A América Central fraqueja frente à dengue

Por Néfer Muñoz*

A epidemia tropical na região desnuda a vulnerabilidade dos mais pobres.

SAN JOSÉ.- Mais de 3400 pessoas contagiadas e oito mortas em El Salvador e 6500 casos e nove mortos em Honduras obrigaram os governos dos dois países a declararem o estado de emergência. Há centenas de infectados nos demais países centro-americanos, onde os hospitais de muitas cidades ficaram lotados nas últimas semanas por quadros de febre alta, desidratação e erupções cutâneas, sintomas clássicos da dengue, que também pode provocar hemorragias internas mortais.

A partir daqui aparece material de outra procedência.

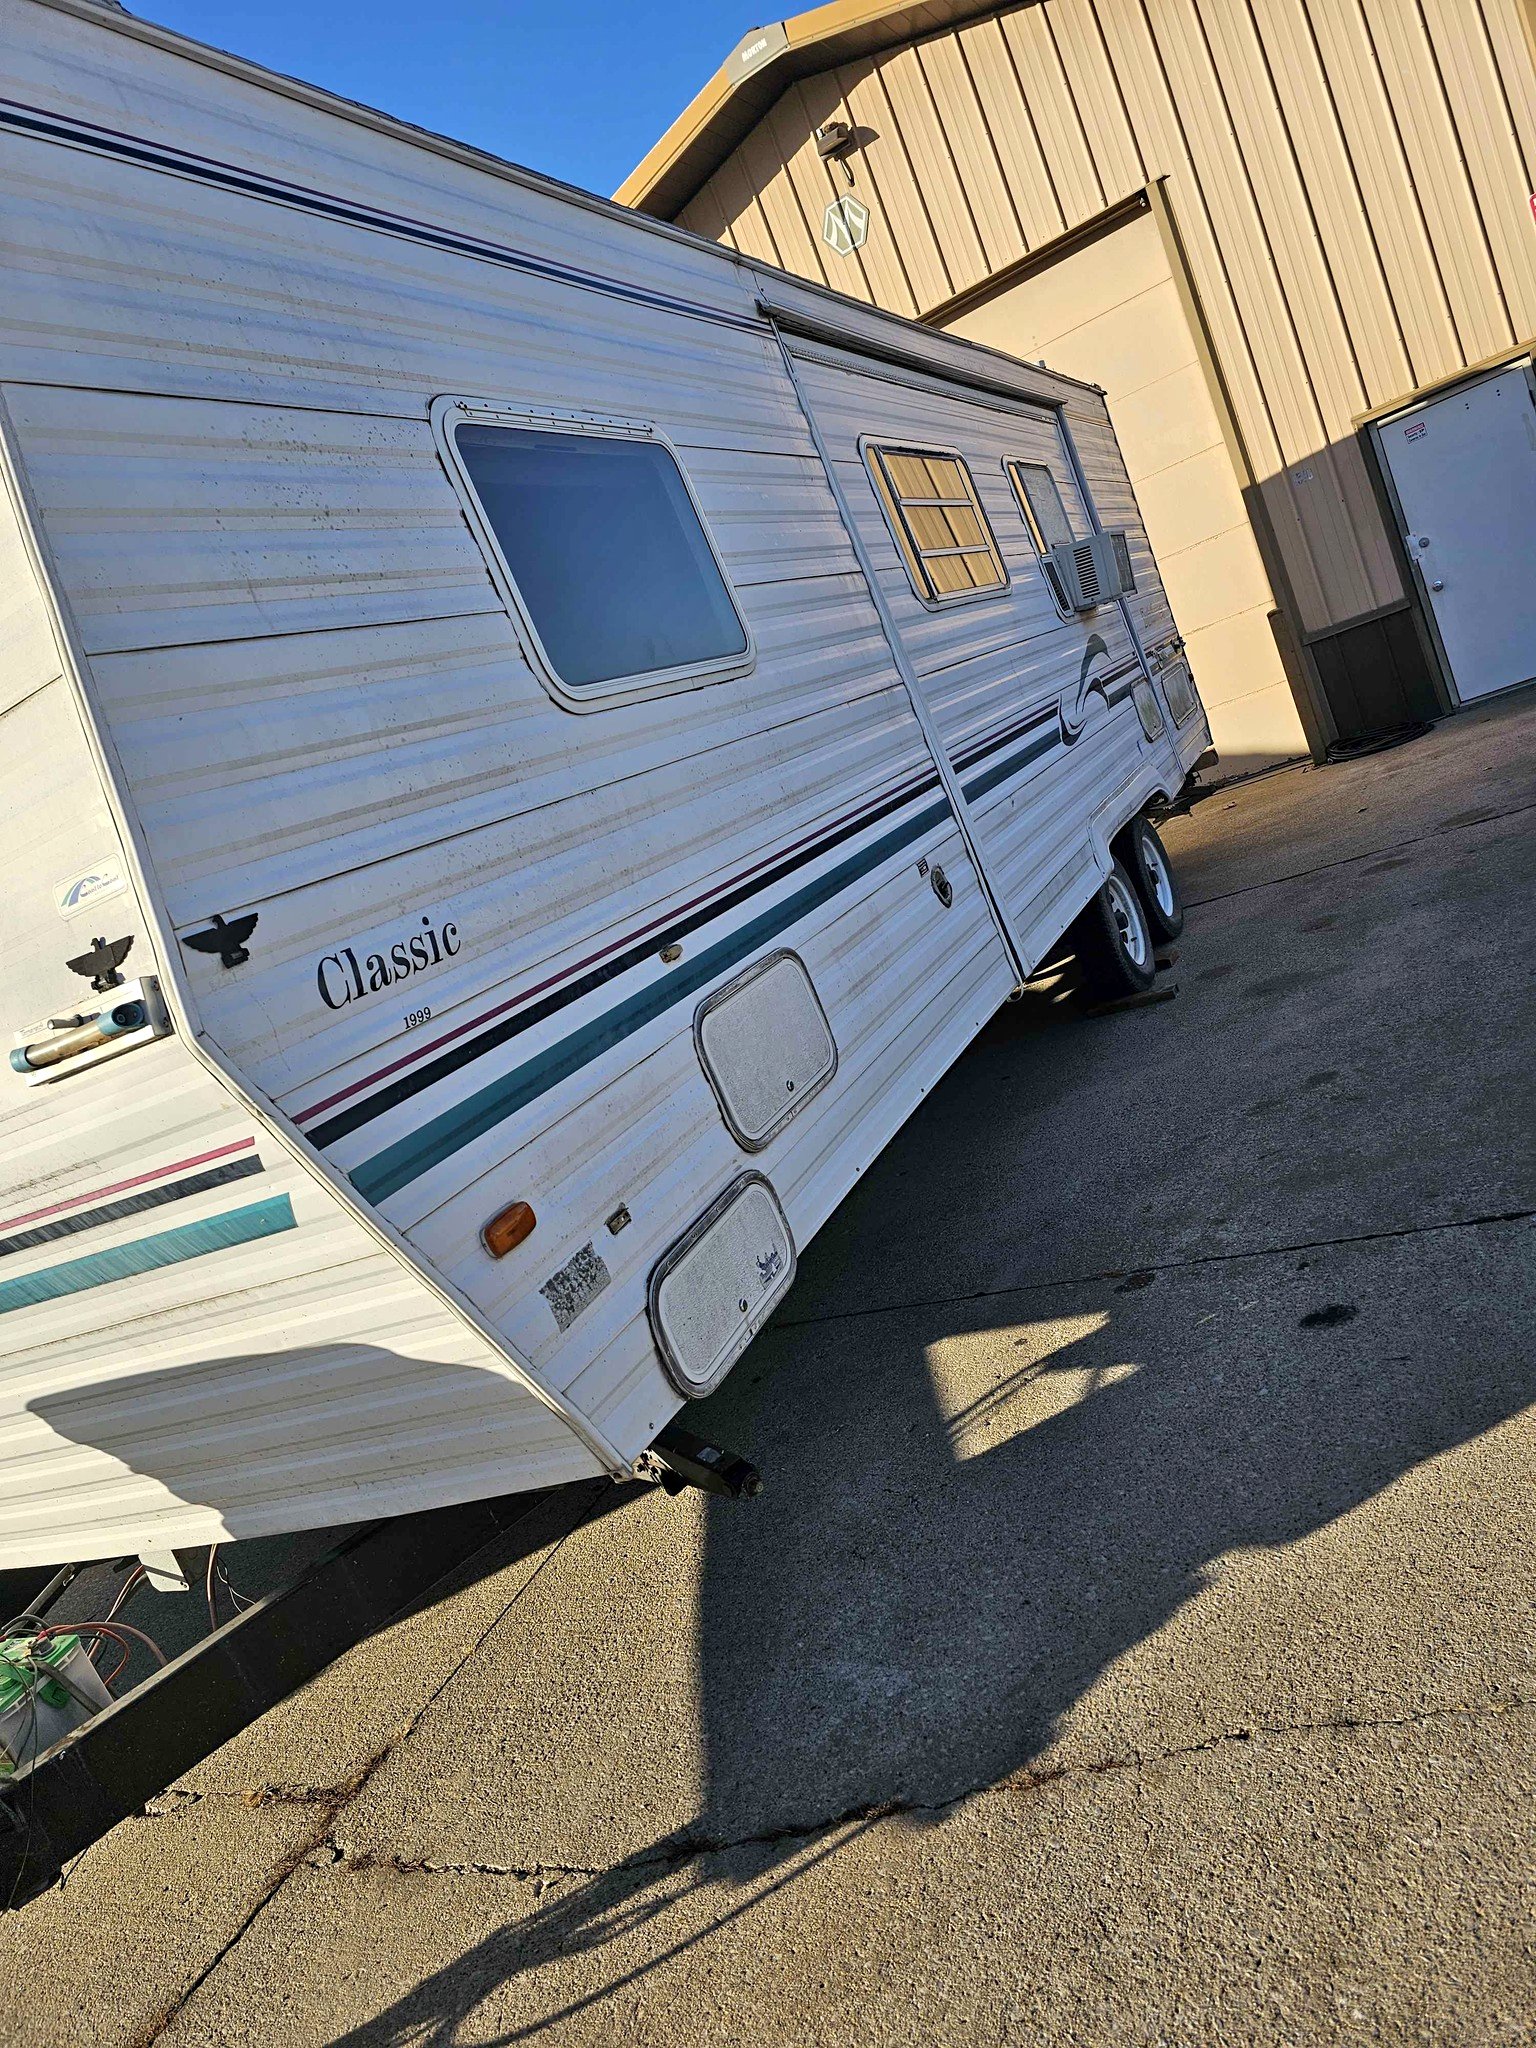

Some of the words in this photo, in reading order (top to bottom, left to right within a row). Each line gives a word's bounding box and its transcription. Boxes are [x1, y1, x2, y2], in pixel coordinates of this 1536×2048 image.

[742, 38, 767, 62] MORTON
[317, 916, 461, 1010] Classic
[403, 1006, 431, 1029] 1999

A dimensão da epidemia pode ser mais grave, pois para cada caso registrado há até cinco não-comunicados. A dengue prolifera pela pobreza, pela falta de higiene, água potável e saneamento, e pelo ineficaz tratamento do lixo, afirmaram especialistas ao Terramérica. “A dengue não é exclusiva de um único país, está atacando toda a América Central e muitos outros países da América Latina”, disse ao Terramérica o ministro da Saúde de El Salvador, José Francisco López. As autoridades salvadorenhas iniciaram, em junho, uma campanha de casa em casa para erradicar os criadouros do mosquito Aedes aegypti, transmissor da dengue.

O inseto se reproduz na água parada, seja em depósitos descobertos, charcos, pneus velhos ou garrafas vazias. A epidemia recrudesceu na estação chuvosa, que se estende de maio a novembro, época propícia para a reprodução do mosquito. “Esta doença é urbana porque o mosquito transmissor é muito urbano”, explicou ao Terramérica a microbióloga e especialista em epidemias costarriquenha Teresita Solano. A vulnerabilidade da região obedece, em parte, ao deficiente fornecimento de água em muitas cidades, onde a falta de um bom serviço de água potável obriga milhares de famílias a armazená-la em casa. As condições de armazenamento não são apropriadas, muitos depósitos ficam descobertos, permitindo a presença do mosquito e de resíduos.

Outros fatores que favorecem a propagação de qualquer foco epidêmico são a aglomeração e a alta densidade populacional em algumas cidades. El Salvador, com seis milhões de habitantes vivendo em 21 mil quilômetros quadrados, é o país mais densamente povoado da América Central e um dos de maior densidade da América Latina. Em média, o país tem mais de 250 pessoas por quilômetro quadrado, mas em algumas zonas da capital vivem entre três mil e nove mil pessoas por quilômetro quadrado.

Por outro lado, a multiplicidade de dialetos indígenas em muitas regiões complica as tentativas de informação sobre a doença, acrescentou Solano, chefe da unidade de Vigilância Epidemiológica do Ministério da Saúde da Costa Rica. Segundo uma análise da Universidade Centro-Americana José Simeón Cañas, de El Salvador, a epidemia está afetando “os mais pobres e desprotegidos”. Embora a grande maioria dos entrevistados em uma pesquisa da Universidade Francisco Gavidia, de El Salvador, tenham assegurado que conhecem a doença, 53% admitiram que nada fazem para preveni-la.

“A dengue é uma enfermidade muito perigosa, mas pode ser superada se for detectada a tempo e o paciente recebe o tratamento necessário”, afirma Solano. Embora não existam vacinas contra a dengue, seus efeitos podem ser vencidos com êxito com repouso total, hidratação permanente e a administração do medicamento acetaminofen. O vírus manifestado na América Central apresenta quatro variedades, ou serótipos, conhecidas: dengue 1, 2, 3 e 4. Comumente provocam a dengue clássica, que produz febre, erupção na pele, fraqueza geral, dor nos olhos e de cabeça. O perigo surge quando uma pessoa é sucessivamente contagiada por diferentes serótipos. Nesse caso pode ocorrer a dengue hemorrágica, que provoca sangramentos internos que podem levar à morte.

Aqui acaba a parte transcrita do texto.